2021 年,eteRNA 联合创始人 Rhiju Das 与其斯坦福大学同事 Ron Dror 宣布了一项突破。他们成功设计出一款人工智能计算机程序,能较准确地预测给定 RNA 序列折叠时会呈现的 3D 结构。他们面临的挑战之一是构建足够的"训练集"——AI 程序需要先学习真实数据才能探索未知领域。区分猫狗图片对 AI 而言轻而易举,因为网络上有数百万张标注"狗"或"猫"的图片可供训练。但在 RNA 折叠领域,Das 和 Dror 仅掌握 18 组序列与结构配对的训练数据。更困难的是,他们要求 AI 不仅要识别 RNA 结构,还要根据 A、G、C、U 核苷酸序列预测正确的 3D 构型。令人惊叹的是,仅凭这 18 组训练序列,他们的程序就超越了以往的所有结构预测方法。

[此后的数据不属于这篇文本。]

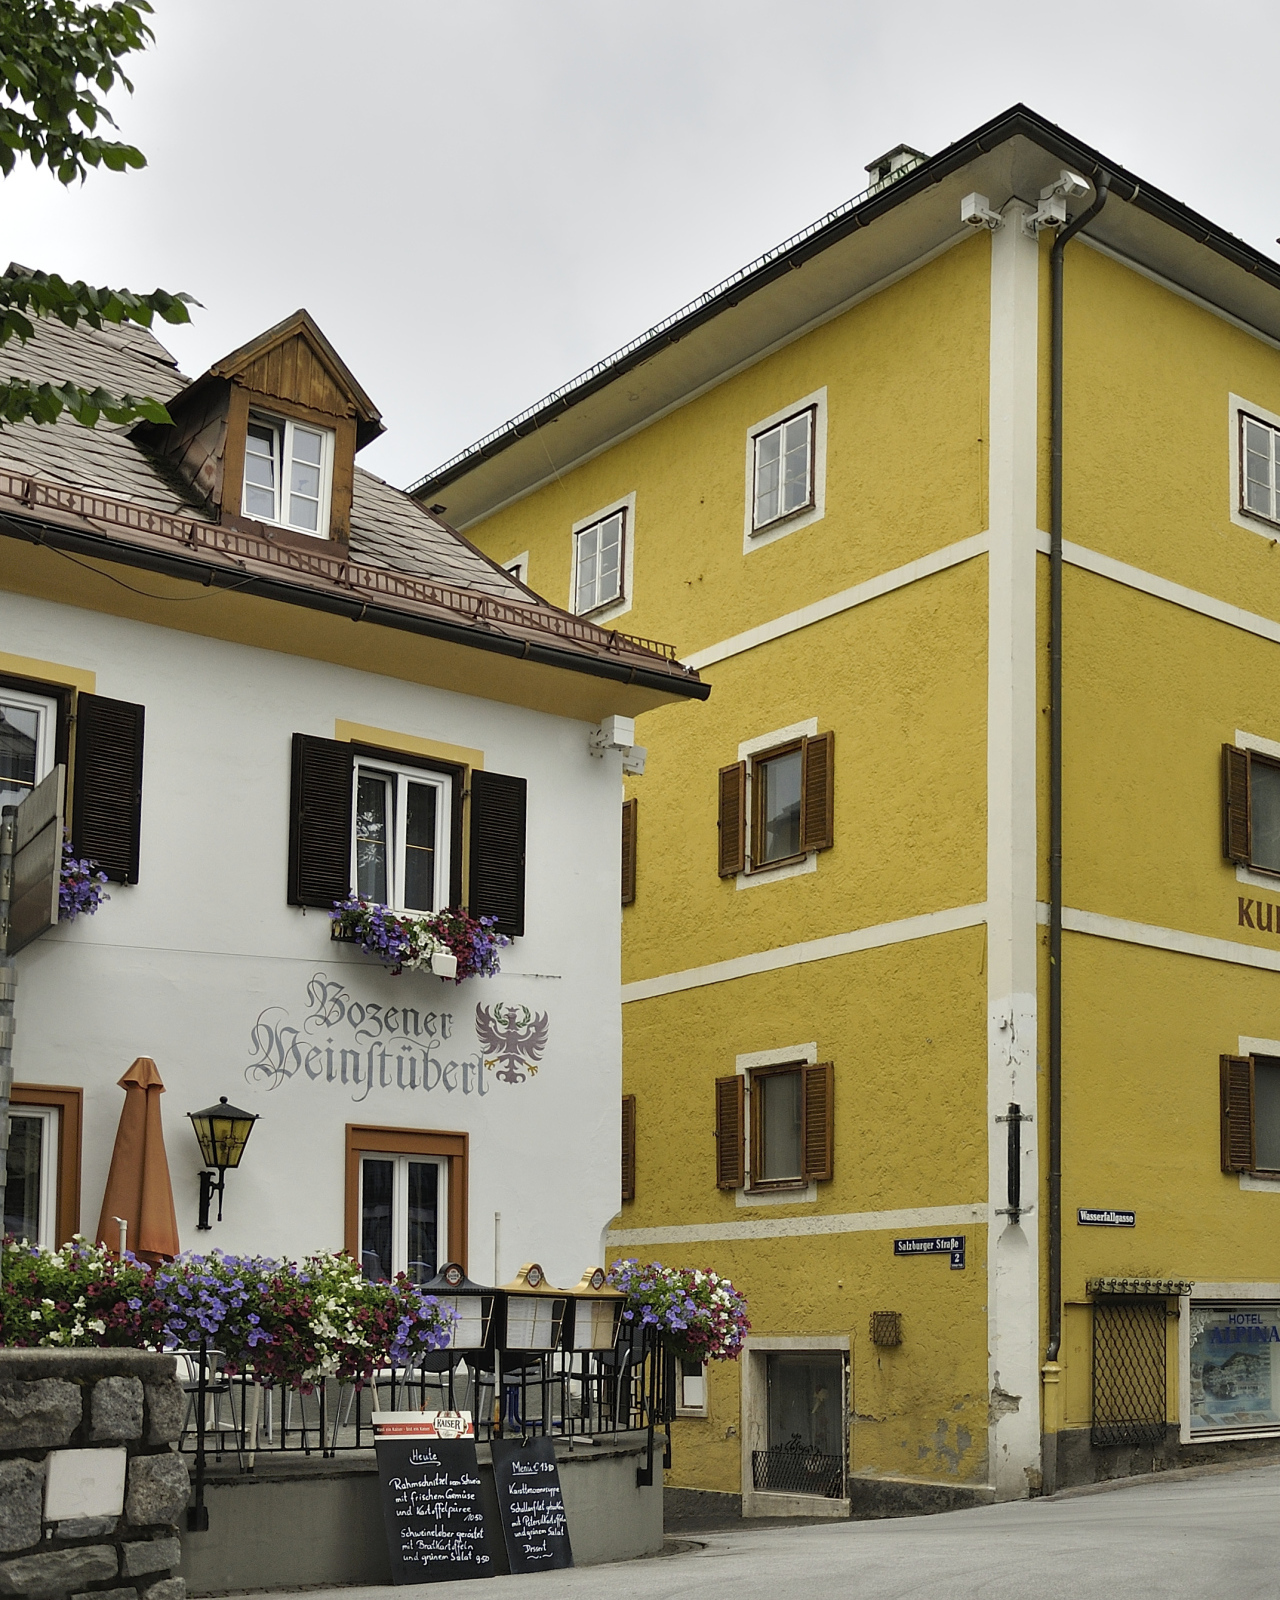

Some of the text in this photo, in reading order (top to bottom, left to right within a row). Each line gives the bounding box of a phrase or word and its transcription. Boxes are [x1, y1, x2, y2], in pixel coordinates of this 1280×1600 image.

如何衡量 RNA 三维结构预测的成功与否?埃里克·韦斯特霍夫邀请了全球 RNA 结构生物学家参与他称之为"RNA-Puzzles"的趣味竞赛。当某位参与科学家通过 X 射线晶体学等方法解析出新 RNA 结构时,会暂缓公开结果,给予其他玩家一个月时间仅凭核苷酸序列来预测该结构。简而言之,玩家们处于"答案盲测"状态。部分玩家开发了自动化网络服务器进行结构预测,另一些则采用手工建模方式。所有预测结果汇总后,截止日期一到便会揭晓真实结构。
在四次 RNA-Puzzles 挑战中,Das-Dror 人工智能方法提交的模型在所有参与者中准确度最高。虽然尚未完美,但它正稳步成为科研界值得信赖的工具。可以预见,未来这类结构问题无需踏入实验室即可解决——这对科学进步而言令人振奋,但对于我们这些毕生在实验室里调配分子配方并品味成果的人来说,却难免有些伤感。
三维视角下的 tRNA 与核酶对 RNA 科学产生了深远影响。科学家们得以观察 tRNA 如何折叠以适应核糖体结构——它们不仅携带正确的氨基酸,还精准引导这些氨基酸相互靠近以促进反应,构建蛋白质链。通过原子级细节,人们看清了四膜虫核酶如何定位鸟苷攻击 RNA 剪接位点,RNase P 如何催化特定键断裂以生成成熟 tRNA,以及 snRNAs 如何精密调控 mRNA 的剪接过程。
除了单纯理解生物学运作机制外,掌握 RNA 结构还能让科学家和生物工程师设计结构变体,将其重新应用于新用途。例如,生物工程师可能设计出一种核酶,作为分子电路的一部分用于检测环境样本中的有毒化合物或特定病毒。如今整个合成生物学领域都在使用核酶作为传感器和开关,但这一切都需以已知 RNA 结构为起点。
在测定越来越大的 RNA 三维结构方面取得的突破,激励着该领域的研究者们提升他们的抱负。一些勇敢的科学家甚至开始将目光投向细胞的最后疆界——那个长期保持能量来源之谜的分子机器之母。他们的目标是解析核糖体的结构。
#:在蛋白质中发现的 20 种氨基酸中,15 种不带电荷,2 种带负电荷,2 种带正电荷,而组氨酸(histidine)具有一种非常有用的特性:当环境变得更酸性时,它会从不带电荷转变为带正电荷。